## Goal of the exercise:
Print the listing below exactly, images excluded.

## Given data:
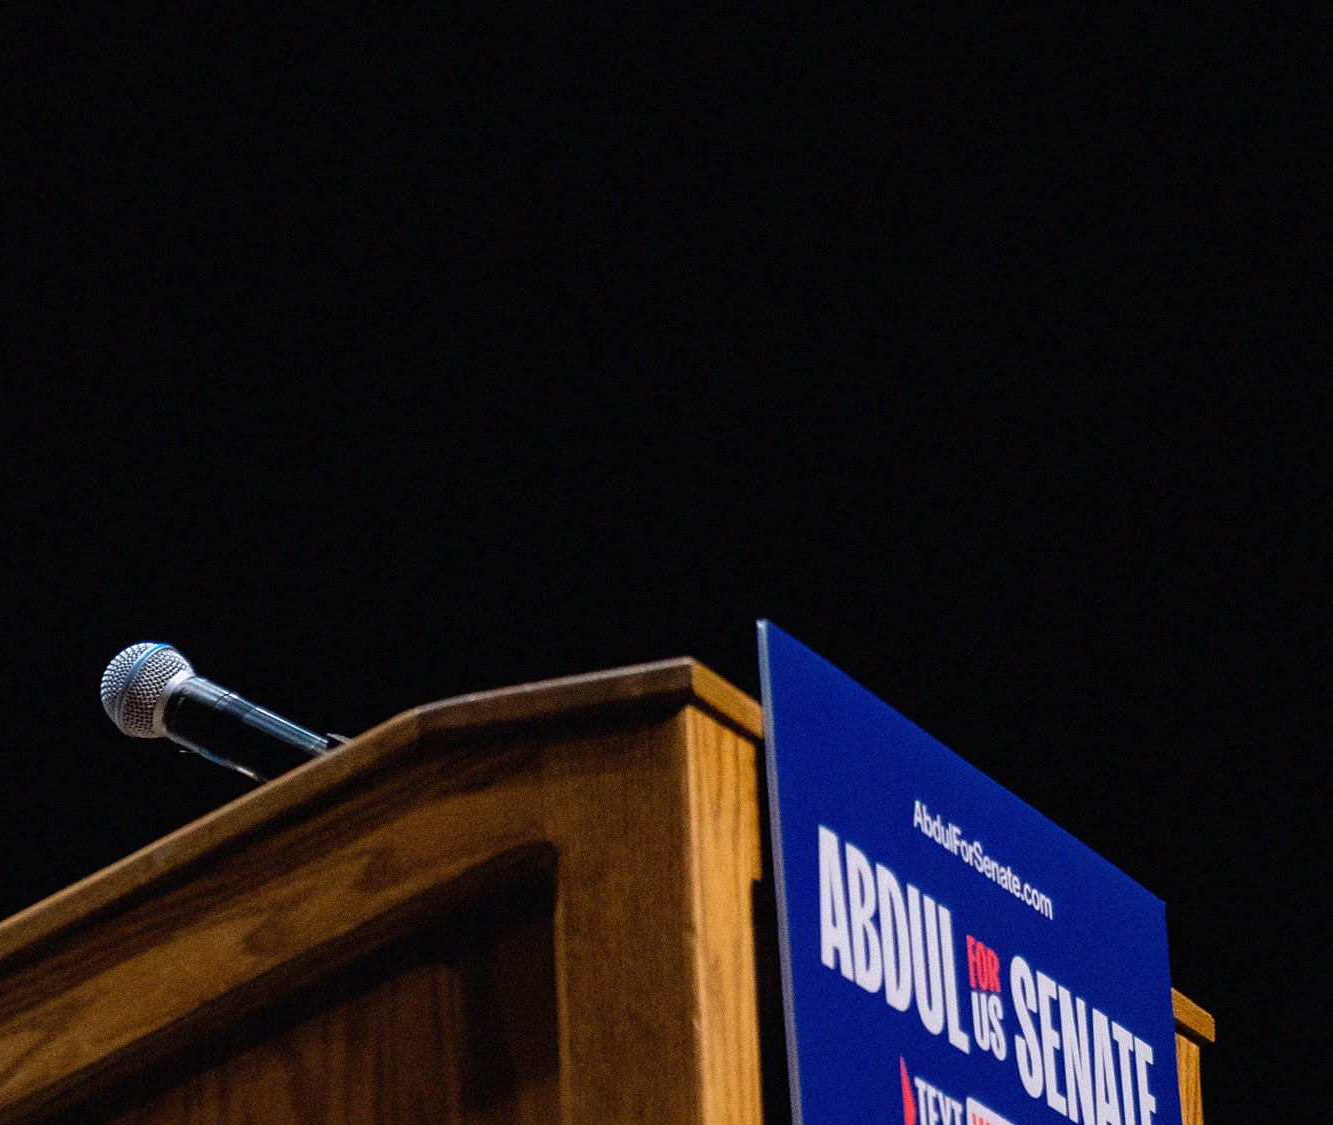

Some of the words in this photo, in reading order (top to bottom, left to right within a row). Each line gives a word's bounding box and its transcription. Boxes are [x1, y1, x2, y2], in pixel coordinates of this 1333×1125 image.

[913, 799, 1053, 921] AbdulForSenate.com
[818, 824, 970, 1055] ABDUL
[966, 934, 1001, 993] FOR
[970, 991, 1007, 1061] US
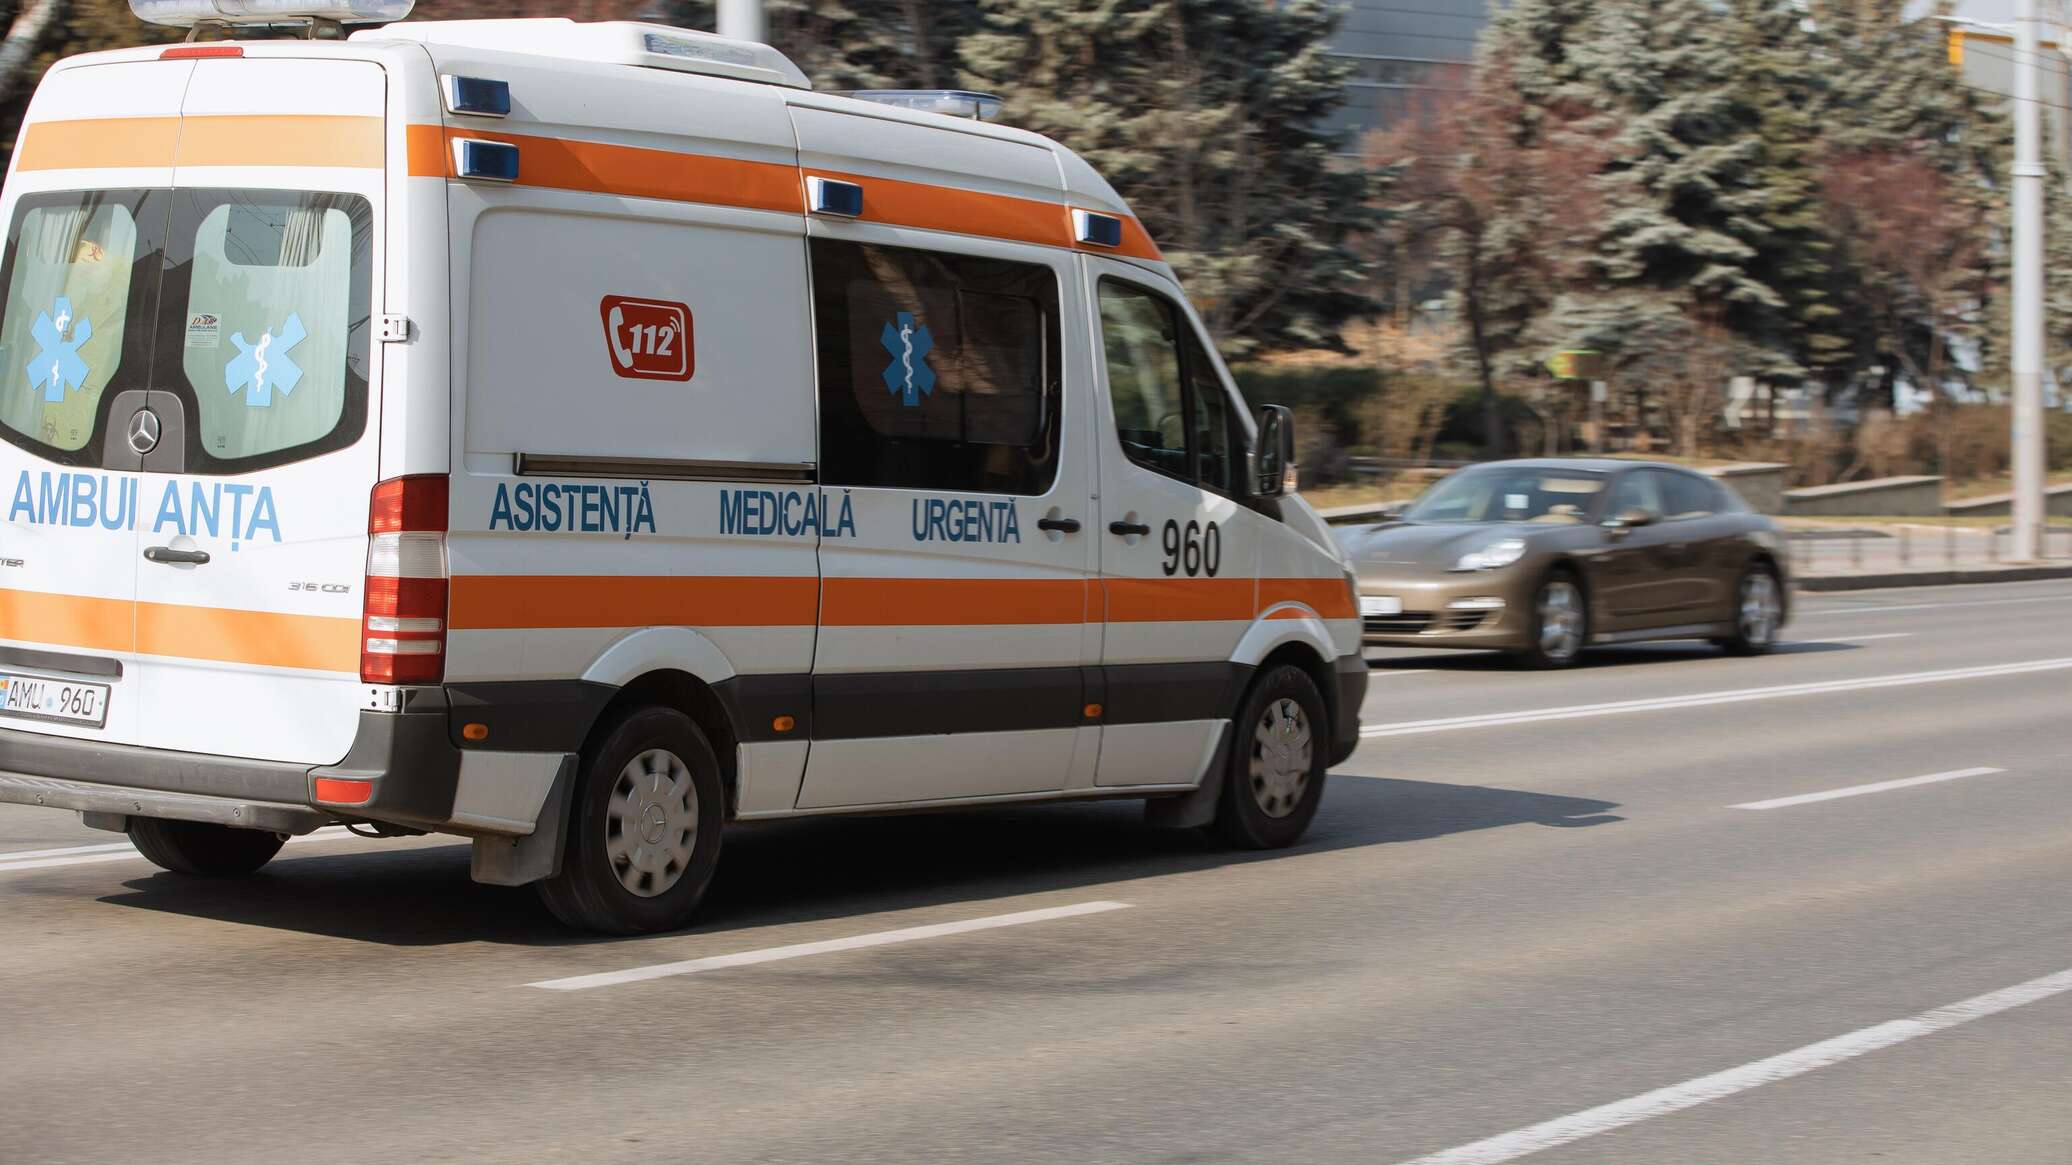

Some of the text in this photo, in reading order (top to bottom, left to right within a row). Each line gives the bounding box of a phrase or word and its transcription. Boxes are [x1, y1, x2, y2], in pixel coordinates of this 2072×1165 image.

[629, 323, 675, 356] 112
[719, 488, 857, 538] MEDICALĂ
[1161, 518, 1221, 578] 960
[288, 582, 319, 592] 316
[8, 680, 95, 716] AMU 960

## Result of this exercise:
Some of the words in this photo, in reading order (top to bottom, left to right within a row). Each line gives a word's bounding box and its transcription. Boxes are [x1, y1, x2, y2], in pixel coordinates of this 1333×1125 image.

[913, 799, 1053, 921] AbdulForSenate.com
[818, 824, 970, 1055] ABDUL
[966, 934, 1001, 993] FOR
[970, 991, 1007, 1061] US

Some of the text in this photo, in reading order (top to bottom, left to right within a row). Each line gives the bounding box of a phrase or word and its transcription. Boxes are [x1, y1, x2, y2], in pixel coordinates of this 2072×1165 image.

[629, 323, 675, 356] 112
[719, 488, 857, 538] MEDICALĂ
[1161, 518, 1221, 578] 960
[288, 582, 319, 592] 316
[8, 680, 95, 716] AMU 960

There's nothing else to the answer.